Неделю или две он не вставал с постели, но Гермионе об этом не сообщал, а она думала, что он обиделся; они совершенно отстранились друг от друга. В ней появилась восторженность, отвлеченность, поскольку она была уверена в своей непогрешимой правоте. Она жила и дышала своей самооценкой и мыслью, что поступила правильно.

Глава XIX

Угольная пыль

Однажды днем, возвращаясь домой из школы, сестры Брангвен спустились между живописными домиками Виллей-Грин вниз по склону холма и вышли к железнодорожному переезду. Ворота были закрыты, потому что, как оказалось, приближался состав, вывозивший уголь из шахт. Было слышно хриплое сопение паровоза, осторожно пробиравшегося между насыпями. Одноногий стрелочник выглядывал из своего убежища, маленькой придорожной сторожки, точно рак-отшельник из своей раковины.

Пока девушки ждали, когда проедет поезд, к переезду на гнедой арабской кобыле рысью подъехал Джеральд Крич. Он держался в седле умело и мягко, наслаждаясь нежным подрагиванием животного, чьи бока он сжимал коленями. Он выглядел очень живописно (по крайней мере так считала Гудрун), нежно и плотно прижимаясь к спине стройной гнедой кобылы с развевающимся по ветру длинным хвостом. Он знаком приветствовал девушек, подъехал к переезду, ожидая открытия ворот, и повернулся в сторону, откуда должен был появиться поезд. Хотя его живописный вид и вызвал на лице Гудрун ироничную улыбку, ей было приятно на него смотреть. Он был хорошо сложен, спокоен, светлые, топорщащиеся в разные стороны усы выделялись на загорелом лице, а обращенные в сторону голубые глаза ярко и холодно сияли.

Невидимый за насыпями локомотив пыхтел все ближе. Кобыле это не понравилось. Она отпрянула в сторону, как будто необъяснимый шум причинил ей боль. Однако Джеральд вернул ее на место и заставил стоять прямо перед воротами. Резкие выдохи двигателя обрушивались на нее все с новой и новой силой. Повторяющийся резкий, непонятный, страшный гул пронзал ее, и в конце концов она дико затряслась, охваченная паникой. С силой разжавшейся пружины она отскочила назад. Лицо Джеральда при этом зажглось сиянием, почти расцвело в улыбке, и он настойчиво вернул ее на прежнее место.

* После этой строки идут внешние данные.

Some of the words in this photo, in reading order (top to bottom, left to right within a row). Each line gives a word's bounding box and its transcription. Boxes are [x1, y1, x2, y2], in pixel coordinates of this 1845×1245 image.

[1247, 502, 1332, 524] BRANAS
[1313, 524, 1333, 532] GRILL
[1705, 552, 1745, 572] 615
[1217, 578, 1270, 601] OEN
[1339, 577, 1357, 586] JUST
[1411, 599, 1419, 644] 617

Постепенно шум нарастал, маленький паровоз, клацая стальным сцепным механизмом, с громким скрежетом выполз на переезд. Кобыла отскочила, как отскакивает от раскаленного утюга капля воды. Гудрун и Урсула в страхе прижались к изгороди. Но Джеральд был суров, и кобыла опять стала на прежнее место. Казалось, невидимый магнит прижимал, соединял всадника с лошадью, позволяя ему управлять ее телом вопреки ее желанию.

– Глупец! – громко воскликнула Урсула. – Почему он не отъедет в сторону, пока не проедет поезд?

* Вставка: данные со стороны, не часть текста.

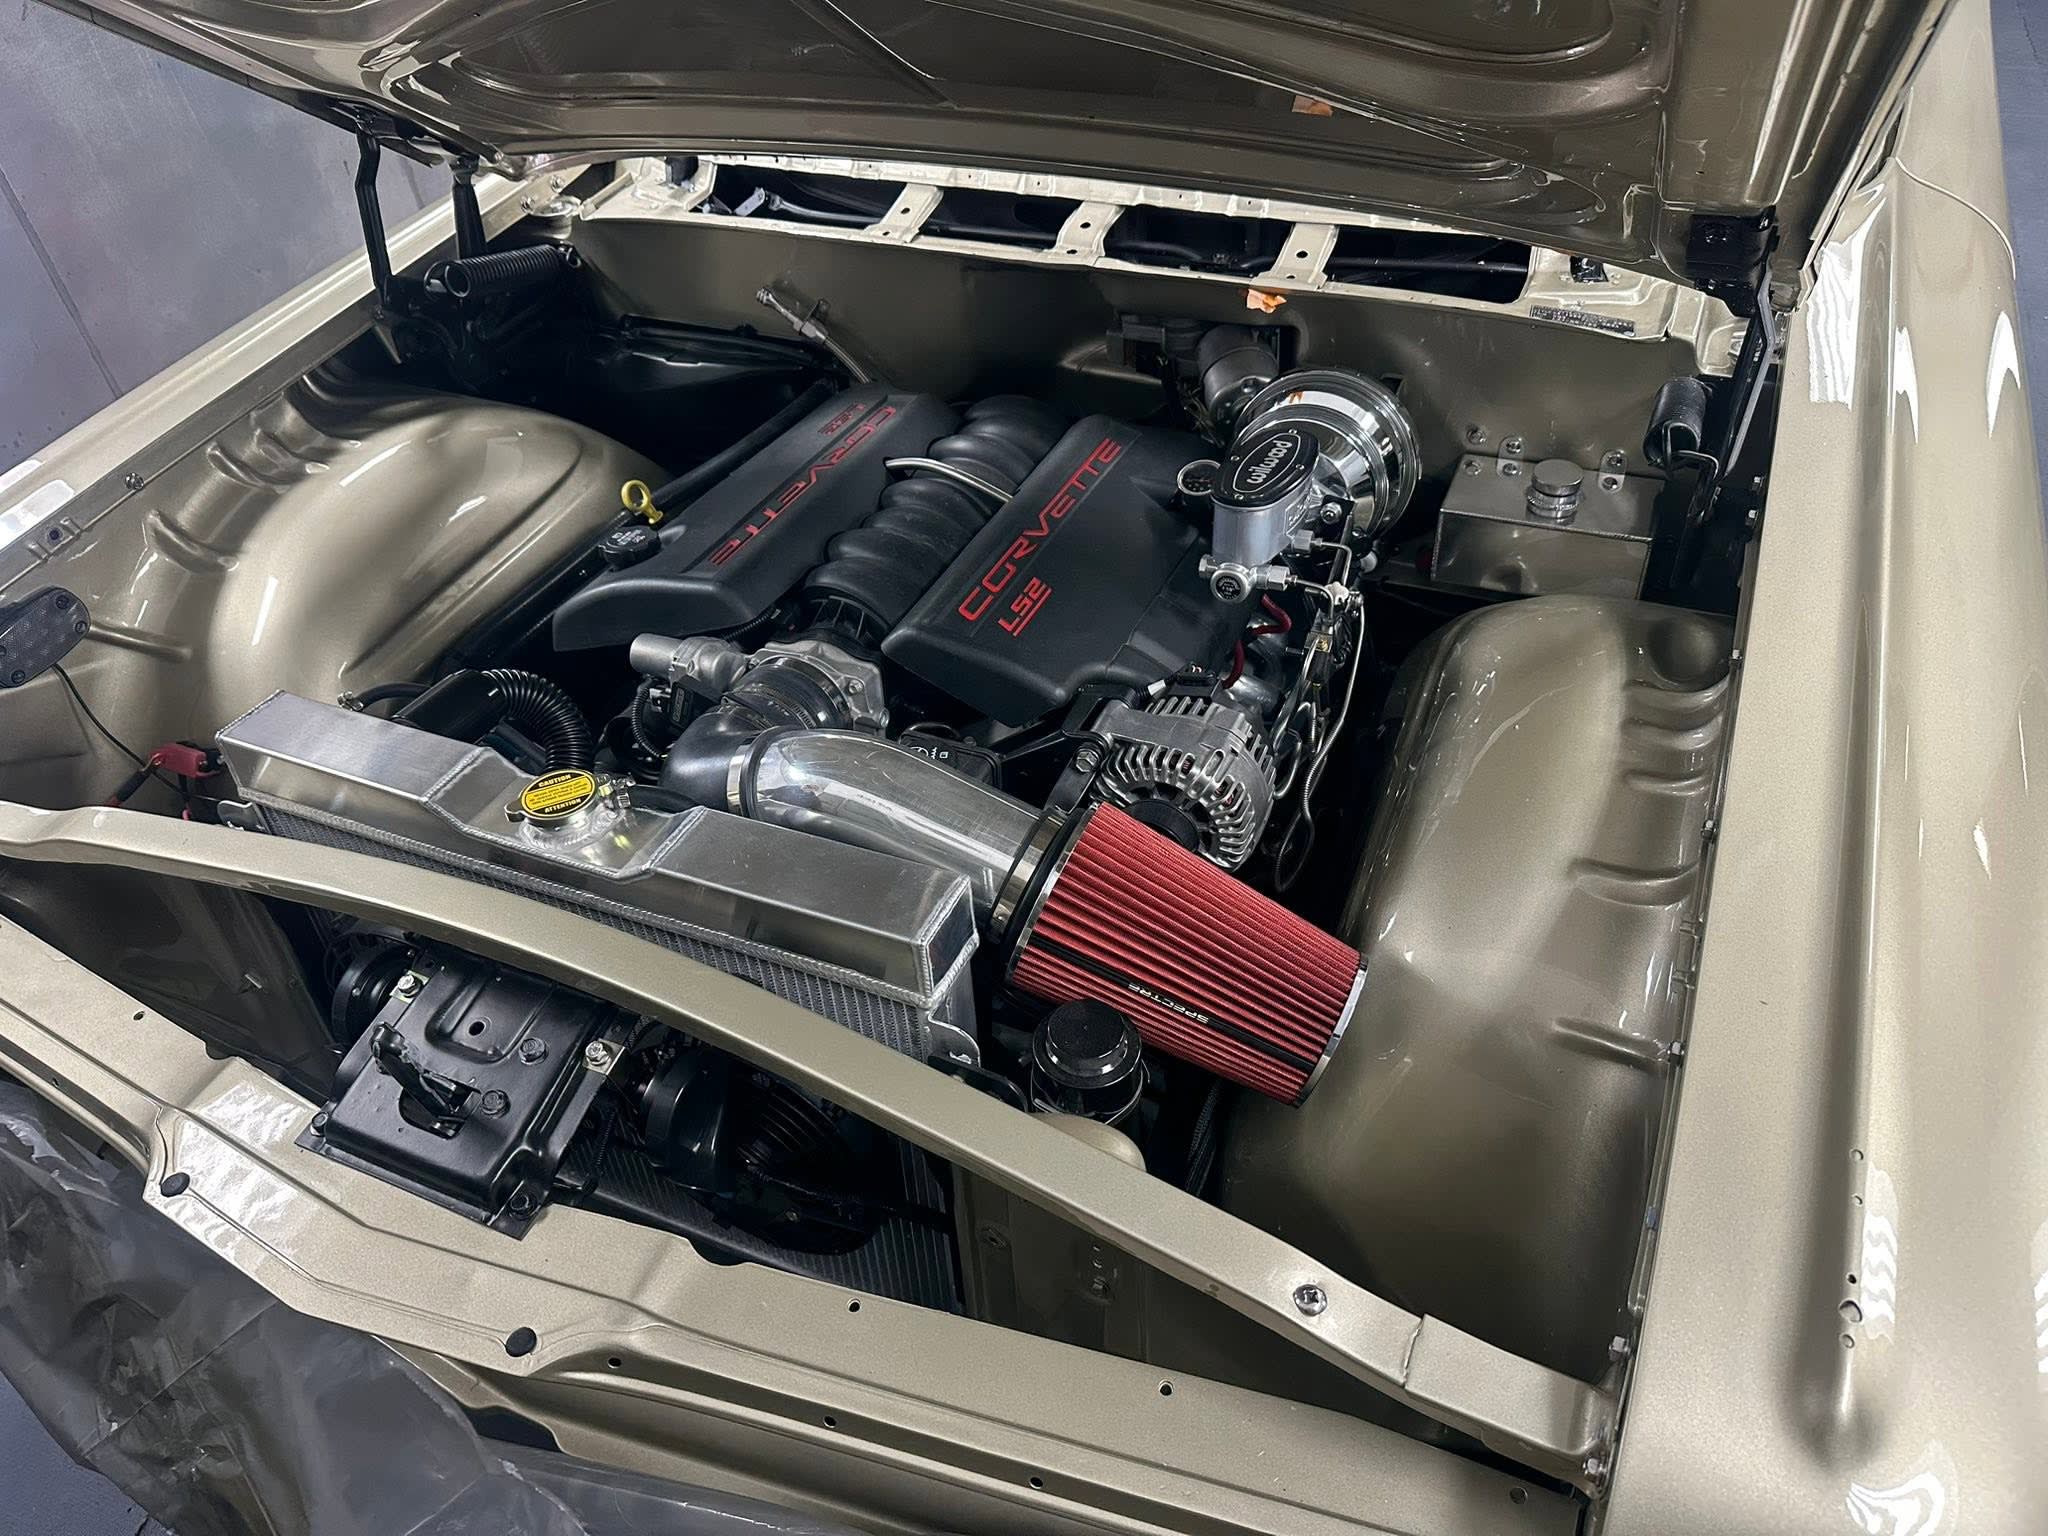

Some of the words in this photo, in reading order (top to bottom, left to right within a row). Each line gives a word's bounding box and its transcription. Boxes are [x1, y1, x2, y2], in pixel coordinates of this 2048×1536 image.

[1246, 440, 1293, 484] wilwood
[708, 406, 896, 566] CORVETTE
[958, 437, 1121, 621] CORVETTE
[997, 576, 1052, 636] LS2
[538, 774, 572, 788] CAUTION
[544, 798, 582, 814] ATTENTION
[1127, 982, 1209, 1024] SPECTRE

Гудрун смотрела на мужчину темными, широко раскрытыми, зачарованными глазами. А он, упрямый и сияющий, оставался на месте, насилуя кружащую на месте кобылу, которая извивалась и бросалась из стороны в сторону, словно порыв ветра, но тем не менее не могла выйти из его повиновения. Не в ее власти было ускакать от безумного грохота колес, пронзавшего ее тело, когда товарные платформы медленно, тяжело, устрашающе лязгая, преследуя одна другую, преодолевали переезд.

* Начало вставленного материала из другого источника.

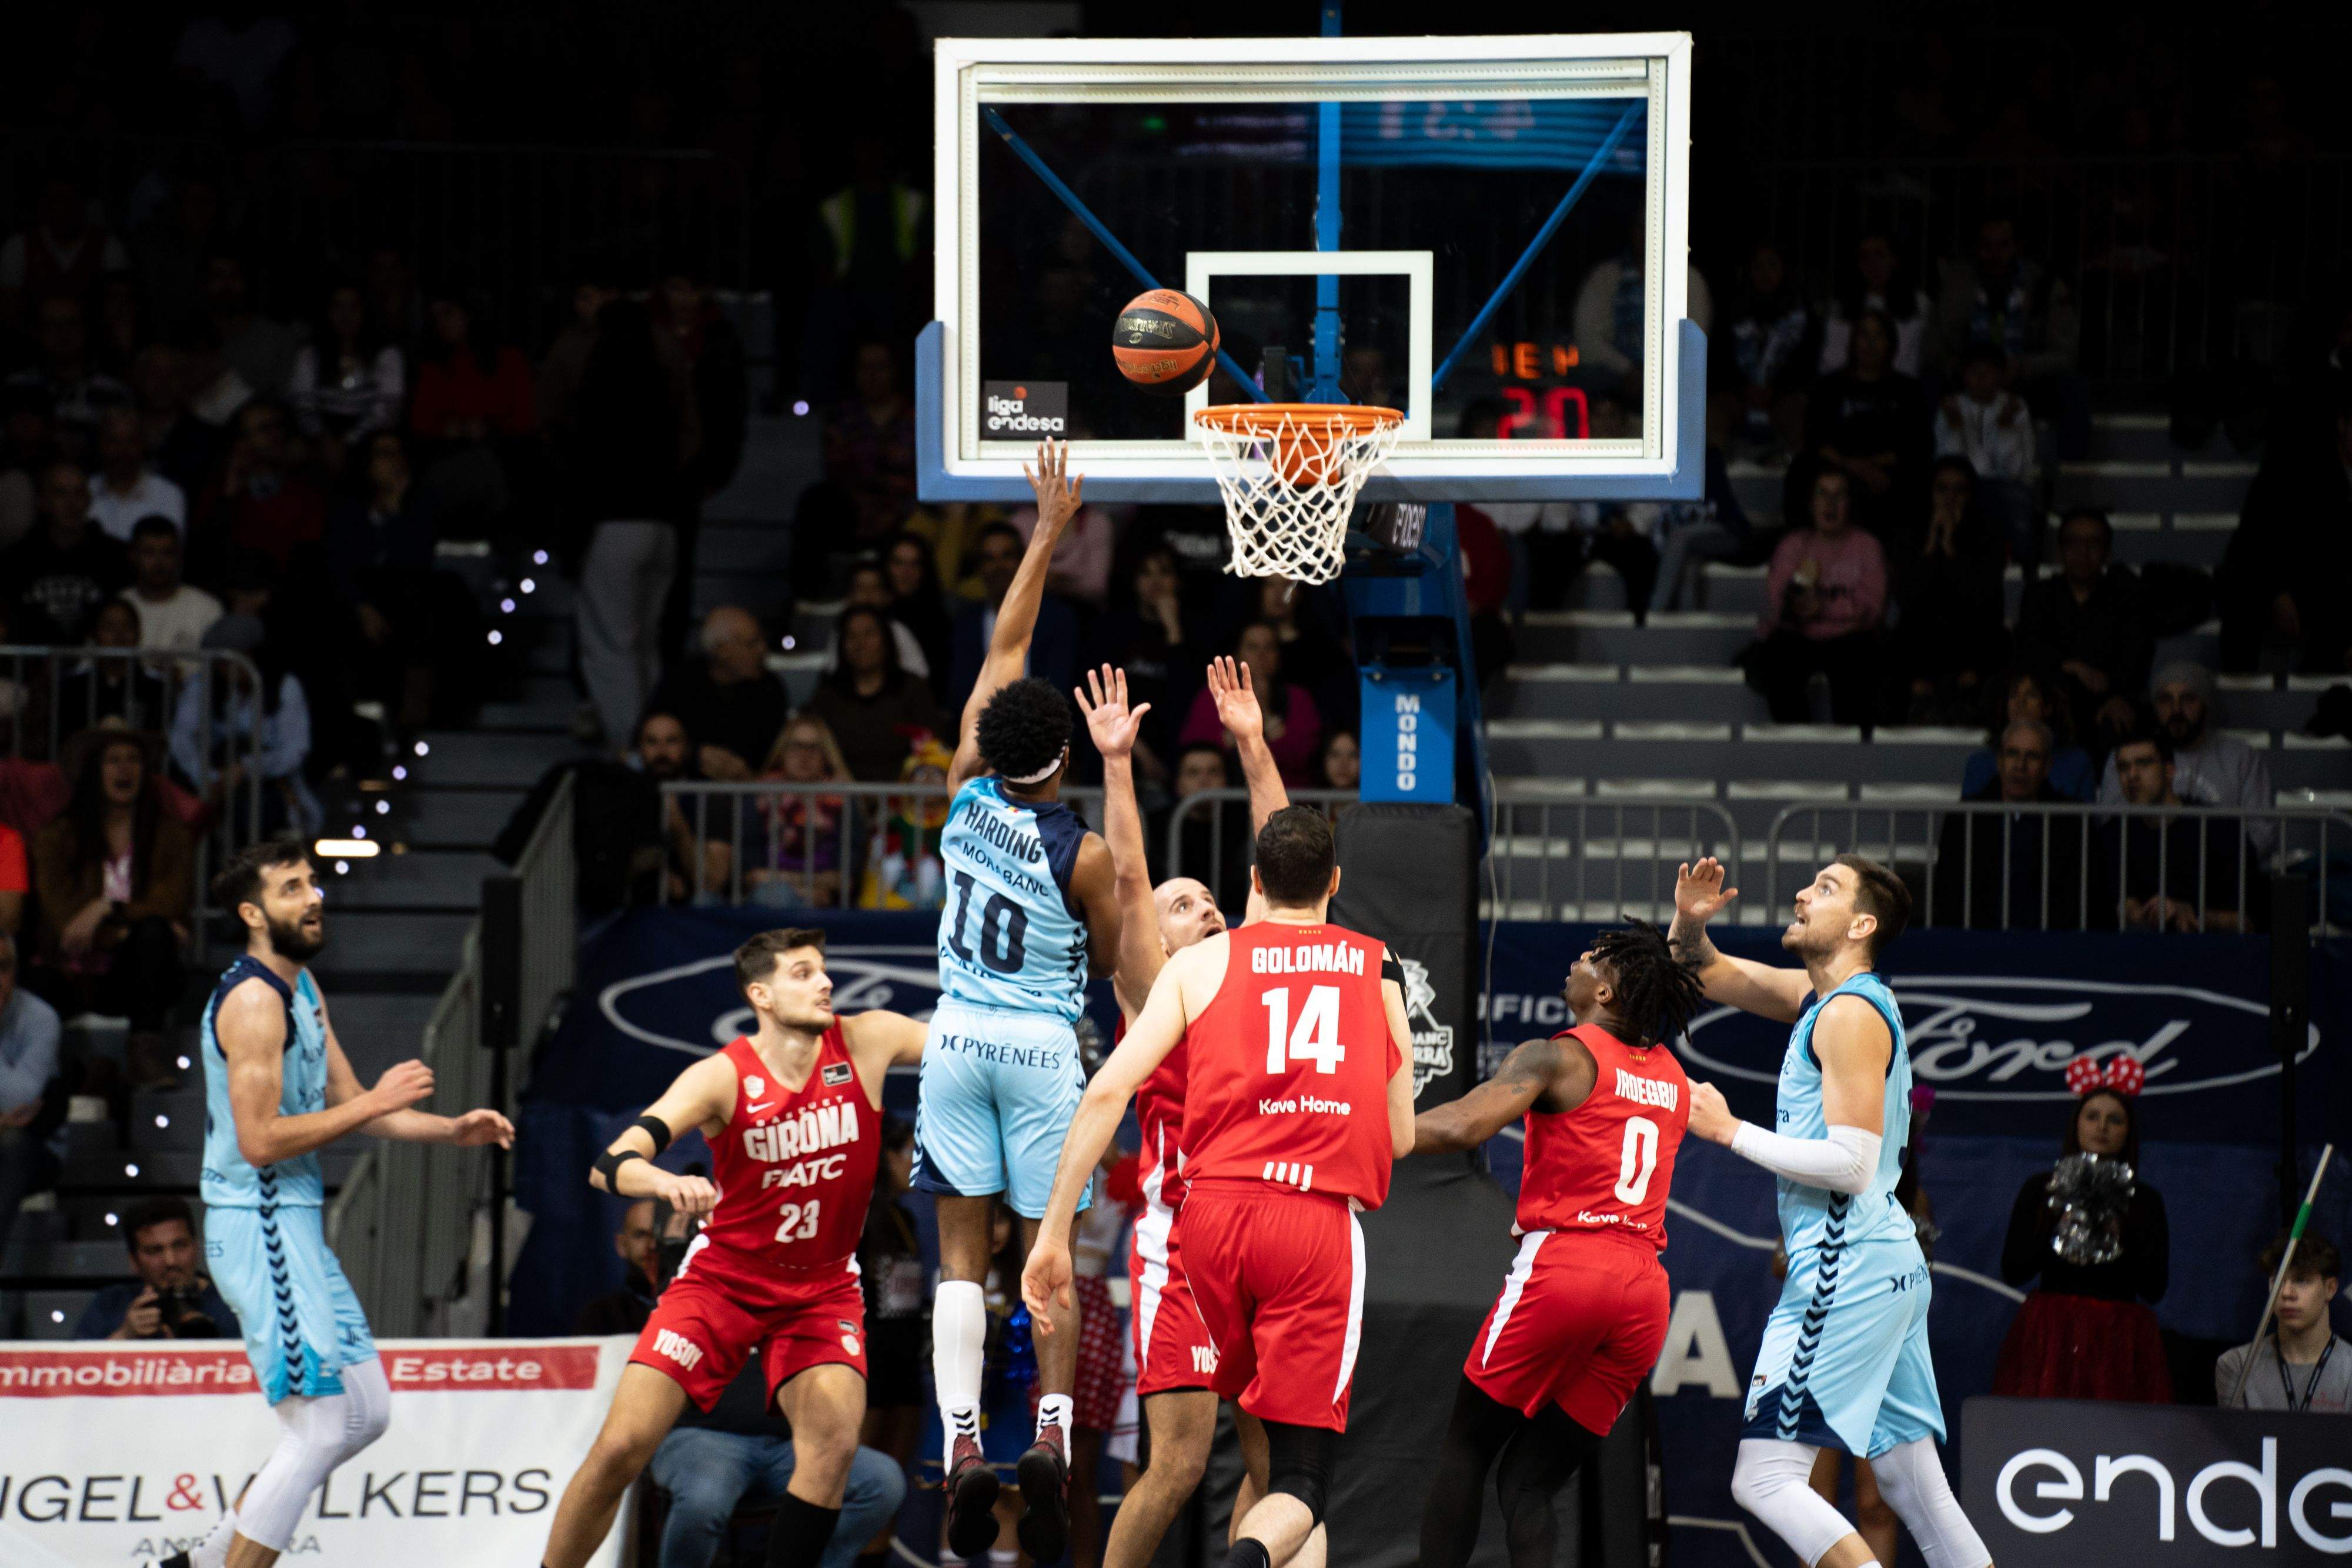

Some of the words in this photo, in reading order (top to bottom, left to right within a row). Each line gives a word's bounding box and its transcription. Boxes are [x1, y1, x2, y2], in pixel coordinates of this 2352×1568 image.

[987, 413, 1064, 432] endesa
[988, 395, 1024, 416] liga
[1395, 694, 1421, 791] MONDO
[964, 802, 1045, 864] HARDING
[948, 871, 1029, 974] 10
[1252, 940, 1365, 977] GOLOMÁN
[1261, 984, 1345, 1075] 14
[962, 1036, 1060, 1069] PYRÉNÉES
[1259, 1098, 1297, 1115] Kave
[1300, 1095, 1351, 1116] Home
[1615, 1067, 1678, 1113] IROEGBU
[743, 1102, 860, 1163] GIRONA
[1614, 1115, 1659, 1206] 0
[775, 1199, 820, 1243] 23
[390, 1357, 542, 1382] Estate
[652, 1328, 704, 1372] YOSOY
[1996, 1436, 2352, 1555] ende

Состав, точно вознамерившись проверить все возможности животного, начал тормозить; платформы разом сбавили ход, загремев железными буферами, клацая ими, словно огромными литаврами, с лязгом наталкиваясь друг на друга, словно в каком-то ужасном противоборстве, с грохотом подъезжая все ближе и ближе. Кобыла раскрыла рот и волна ужаса медленно подняла ее на дыбы. Внезапно она выбросила вперед передние копыта, словно пытаясь отогнать от себя ужас. Она подалась назад и девушки прижались друг к другу, чувствуя, что она вот-вот опрокинется и подомнет под себя всадника. Но он наклонился вперед с застывшим на лице довольным выражением и вернул ее в прежнее положение, подавил ее, вынудил опуститься на землю.